* **Problem to work on**
Nothing but the pictures may be left out. Restate the rest of the entries word for word.

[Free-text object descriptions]
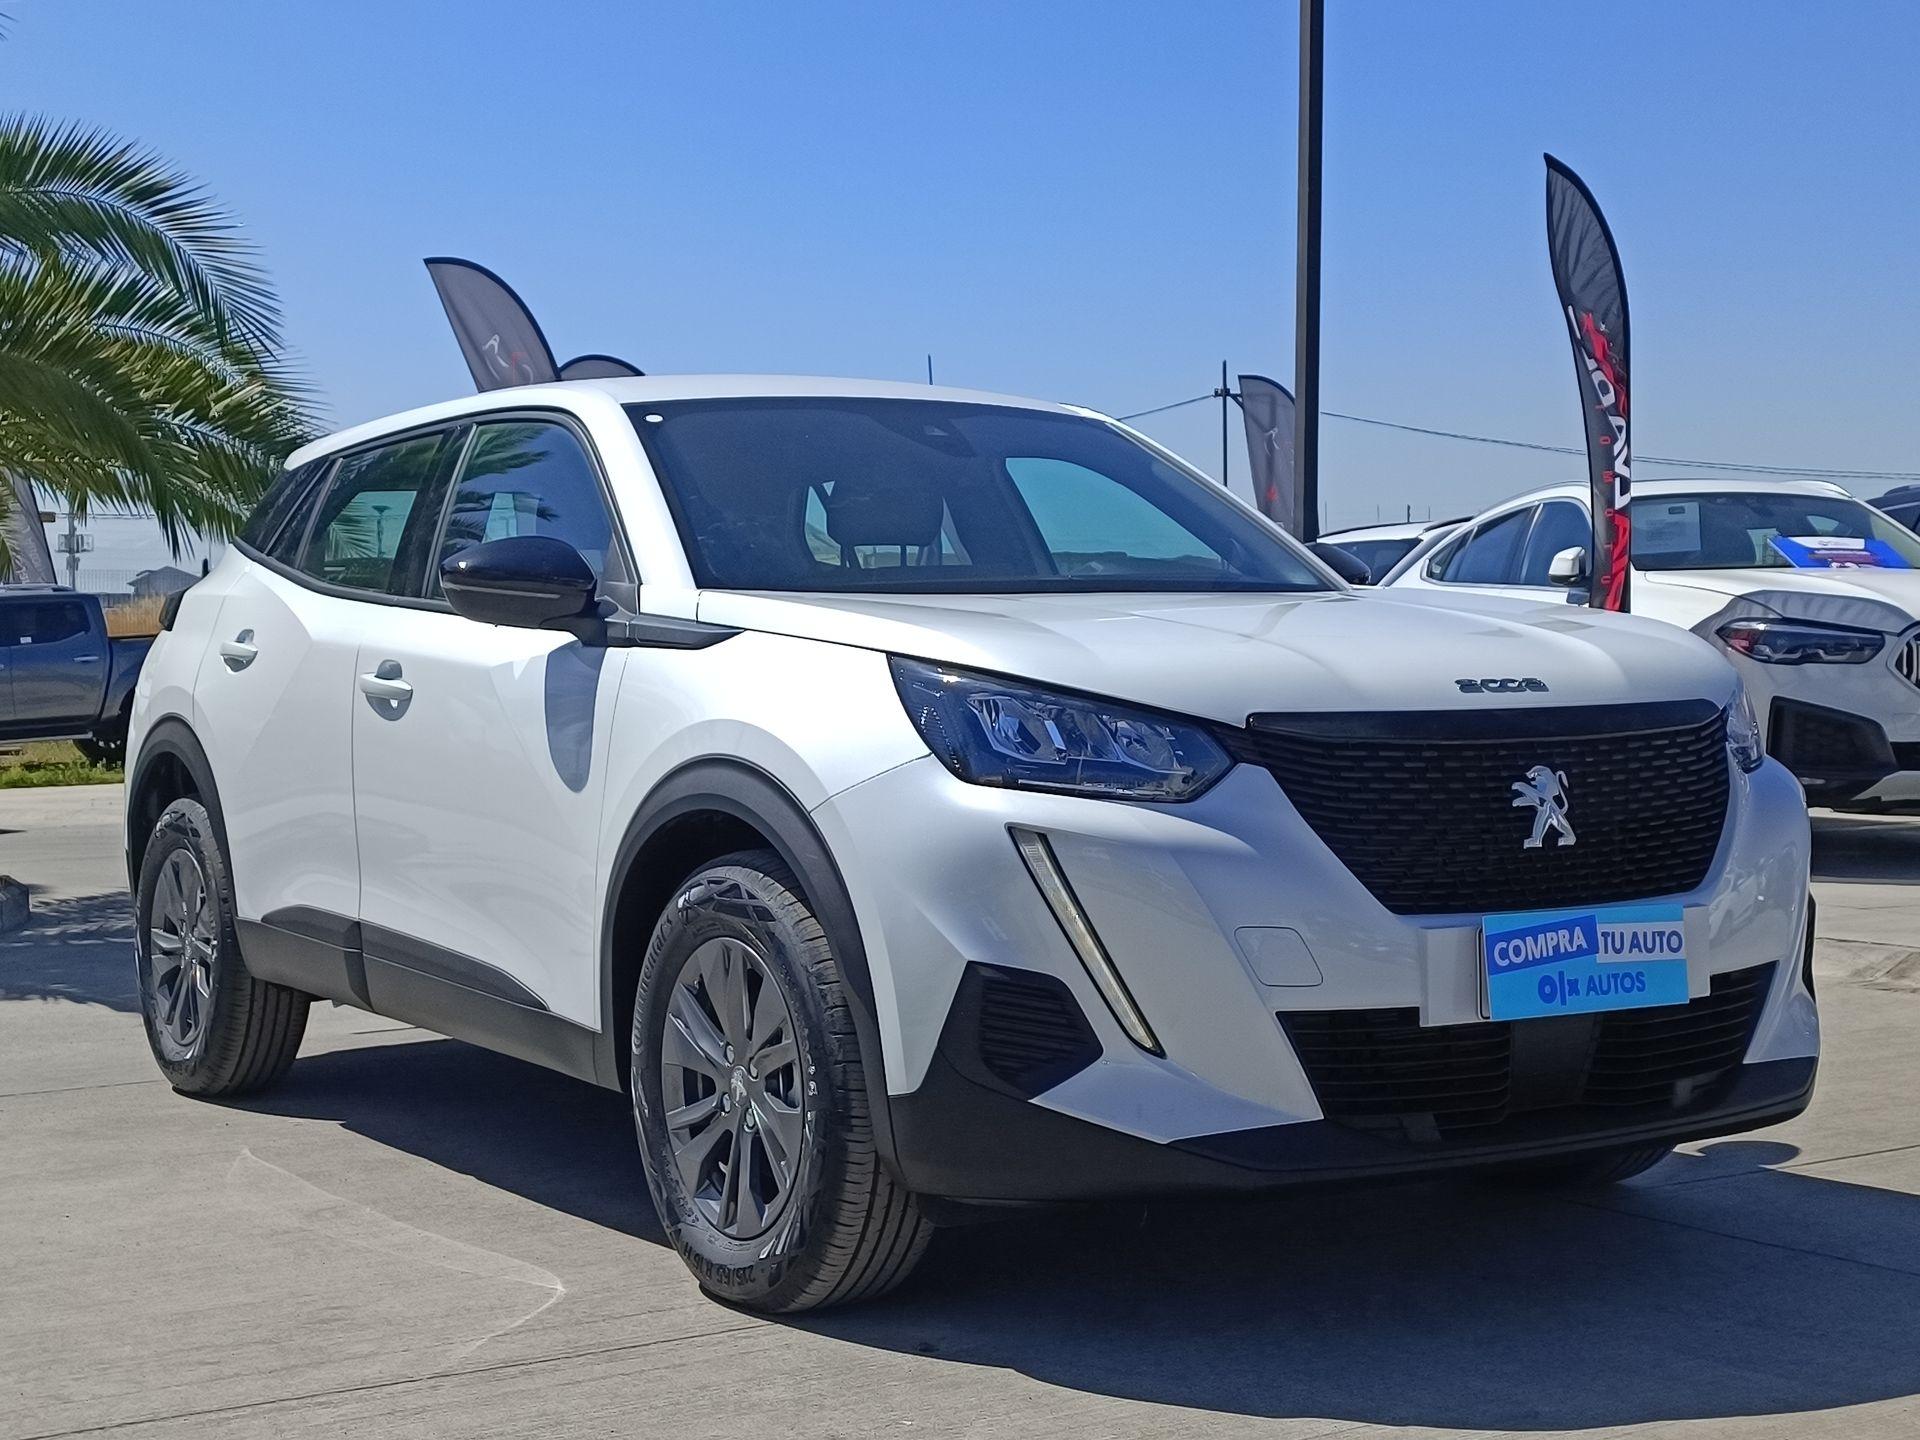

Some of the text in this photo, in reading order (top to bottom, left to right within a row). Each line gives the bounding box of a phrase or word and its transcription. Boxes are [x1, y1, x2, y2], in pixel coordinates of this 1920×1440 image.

[1493, 926, 1683, 967] COMPRA TU AUTO
[1586, 971, 1646, 996] AUTOS
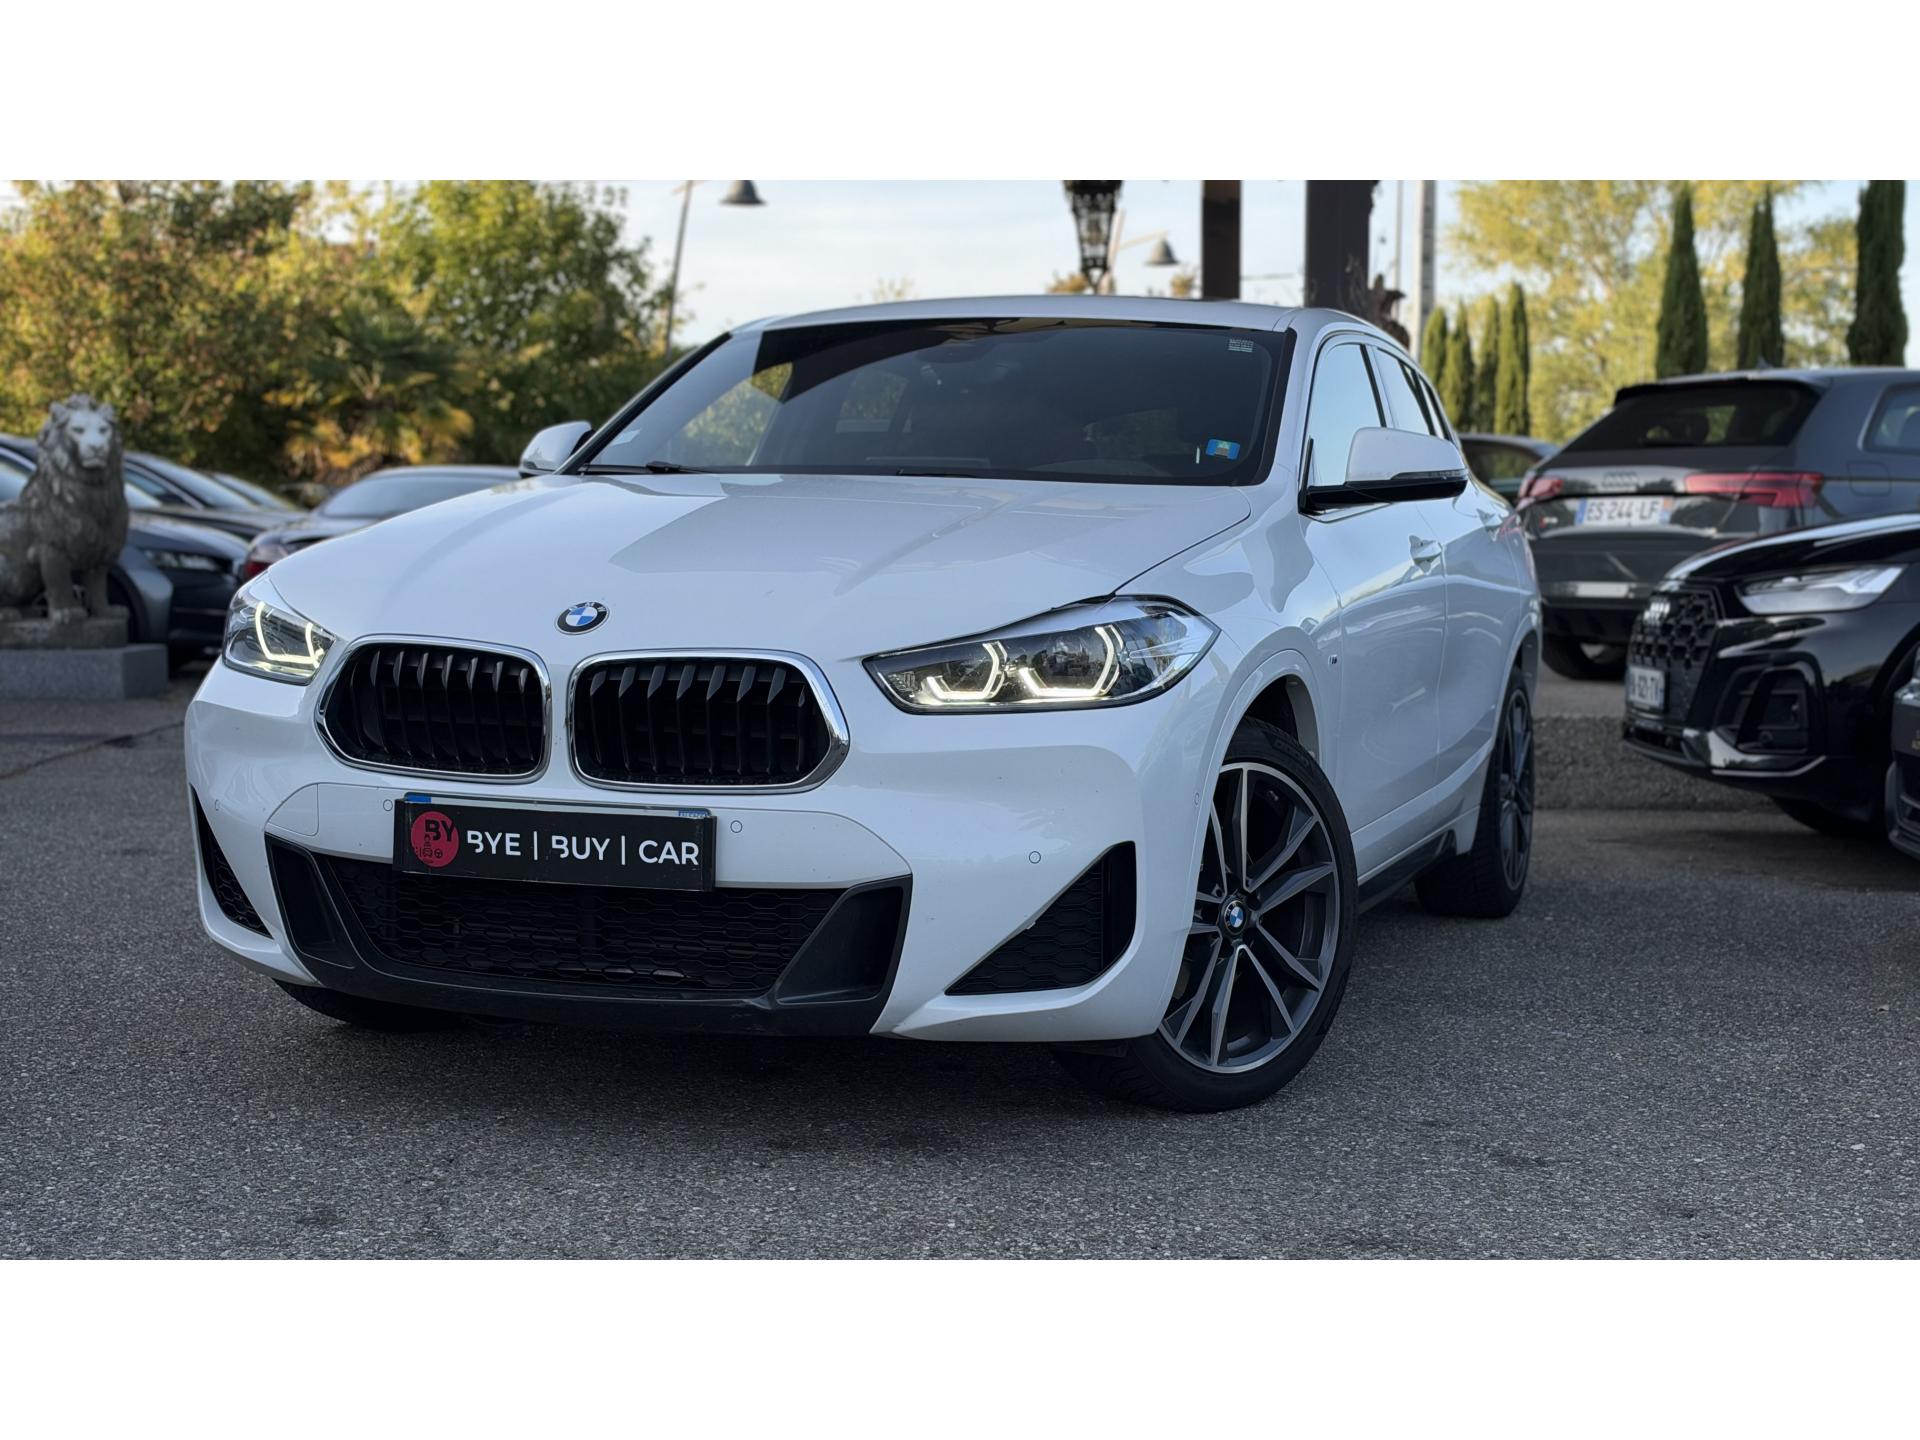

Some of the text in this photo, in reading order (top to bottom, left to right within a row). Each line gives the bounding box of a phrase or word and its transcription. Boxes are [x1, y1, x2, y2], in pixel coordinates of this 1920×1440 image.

[467, 829, 700, 866] BYE BUY CAR
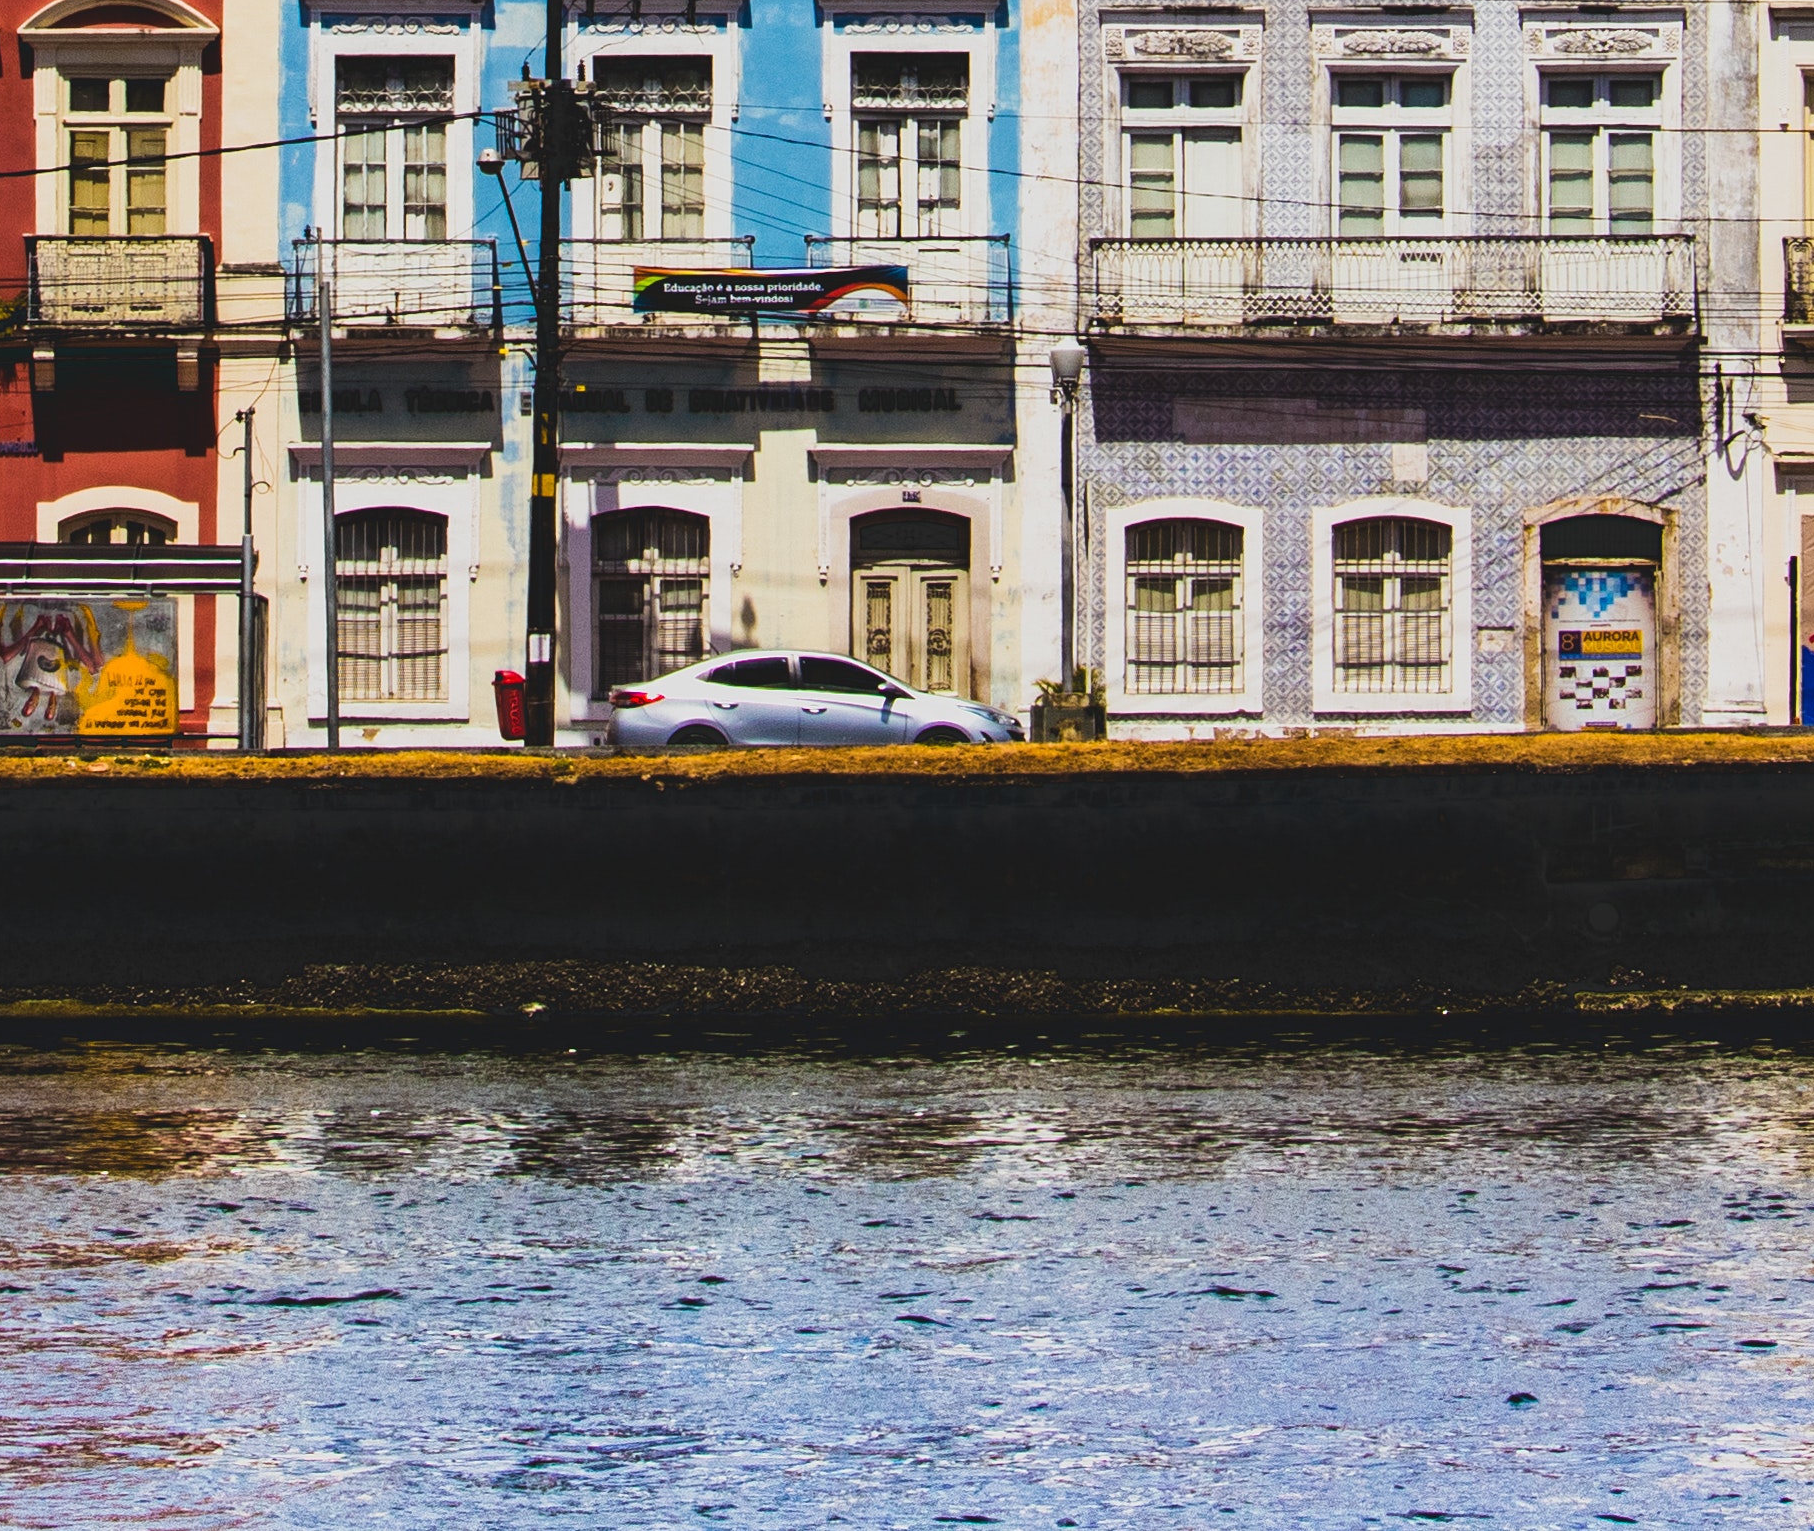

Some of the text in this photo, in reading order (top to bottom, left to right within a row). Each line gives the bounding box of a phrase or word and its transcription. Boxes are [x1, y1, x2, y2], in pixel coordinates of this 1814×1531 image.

[663, 282, 714, 293] Educação
[767, 282, 824, 293] prioridade.
[1584, 631, 1639, 641] AURORA
[1584, 641, 1640, 651] MUSICAL

* **Result**
Some of the text in this photo, in reading order (top to bottom, left to right within a row). Each line gives the bounding box of a phrase or word and its transcription. Boxes are [x1, y1, x2, y2], in pixel coordinates of this 1920×1440 image.

[1493, 926, 1683, 967] COMPRA TU AUTO
[1586, 971, 1646, 996] AUTOS

Some of the text in this photo, in reading order (top to bottom, left to right within a row). Each line gives the bounding box of a phrase or word and its transcription. Boxes are [x1, y1, x2, y2], in pixel coordinates of this 1920×1440 image.

[467, 829, 700, 866] BYE BUY CAR

Some of the text in this photo, in reading order (top to bottom, left to right within a row). Each line gives the bounding box of a phrase or word and its transcription. Boxes are [x1, y1, x2, y2], in pixel coordinates of this 1814×1531 image.

[663, 282, 714, 293] Educação
[767, 282, 824, 293] prioridade.
[1584, 631, 1639, 641] AURORA
[1584, 641, 1640, 651] MUSICAL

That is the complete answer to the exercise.